# Warped Table



## James14 (Feb 9, 2011)

I have a ping pong table that has two 4.5 by 5ft sections of 3/4 inch thick particle board. The particle board is very dense and made of small particles. Both pieces are warped slightly so the side edges are pointing towards the ground. I was wondering if i could fix it by screwing 2 boards to the bottom each section. the boards would run parallel with the edge you face when you are playing ping pong, one on the edge by you and the other on the opposite edge. Would this work, or would it not be strong enough? It seems to me like the screw would just tear through the table instead of pulling it to the board. Also, if you think this might work, how thick of a board would I need?


----------



## TexasTimbers (Oct 17, 2006)

Particle board is notoriously susceptible to moisture absorption. My guess is that the bottom of you table is not painted green like the top. So the bare board has absorbed moisture and the top has not. The fix you propose would probably help or maybe even nearly eliminate the bulge but, most likely would take more time and effort to accomplish than you think. If money is not tight I would just reuse the hardware and replace the particle board with Baltic Birch plywood. Even the lower quality USA plywood would be just fine for a table tennis top. 

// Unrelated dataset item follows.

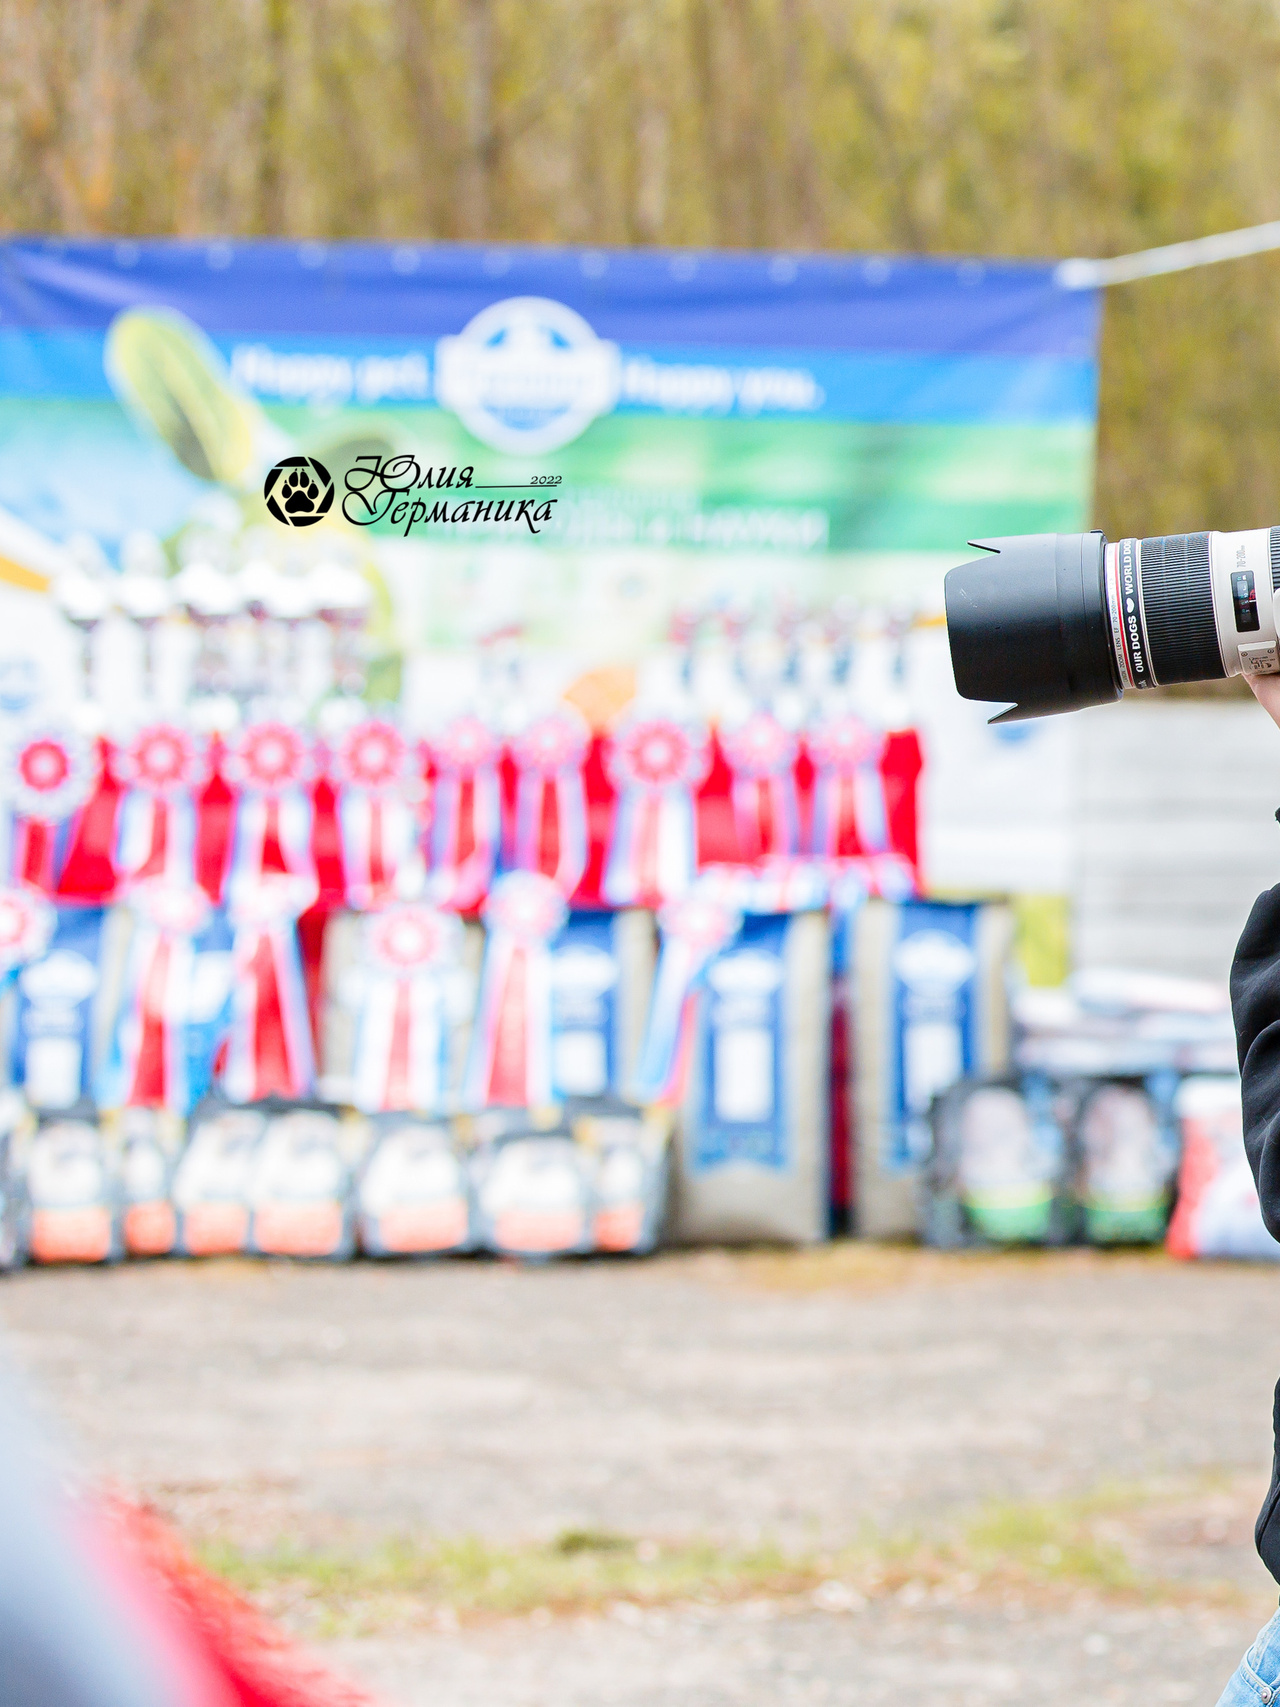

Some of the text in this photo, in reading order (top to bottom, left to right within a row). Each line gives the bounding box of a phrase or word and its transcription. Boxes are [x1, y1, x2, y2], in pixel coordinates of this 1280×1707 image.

[1123, 556, 1134, 595] WORLD
[1128, 615, 1141, 650] DOGS
[1133, 651, 1144, 673] OUR

If money is an issue, you can fasten your framing members as you described, by counter sinking large head wood screws through the top. Run a bead of Titebond III between the lumber and the bottom of the top. Fill the holes with lightweight spackling compound and repaint the top so the discolorations won't be a distraction during play. You won't be able to collapse the table of you do this of course, and so it will be very difficult to move. Also, if the particles that make up the board have swelled too much, and it doesn't take much, then the glue line isn't going to help at all and it would take screws about 12" apart depending on just how bad of shape the board has become. 

I wouldn't even try the fix simply because the plywood wouldn't be that much, and this method of repair would only be a solid, permanent solution with quite a bit of effort and time. So if you play enough to warrant all that effort, just go the plywood route. Plus, rebuilding the table and painting it (bottom AND top) and striping the white borders would be fun, and you would be proud of your project. 

If you don't use it often, just play about 100 games one weekend and get really used to the nuances of the convex top . . . . . then you use that to your advantage to destroy the competition. 






.


----------



## James14 (Feb 9, 2011)

TexasTimbers-
Thanks very much for the good answer. We have lots of boards laying around in the barn, so I think I will stick with my idea. I'll see if it got rid of the warp before I fill in the holes. I'm planning on re-finishing the table anyway, it needs it.


----------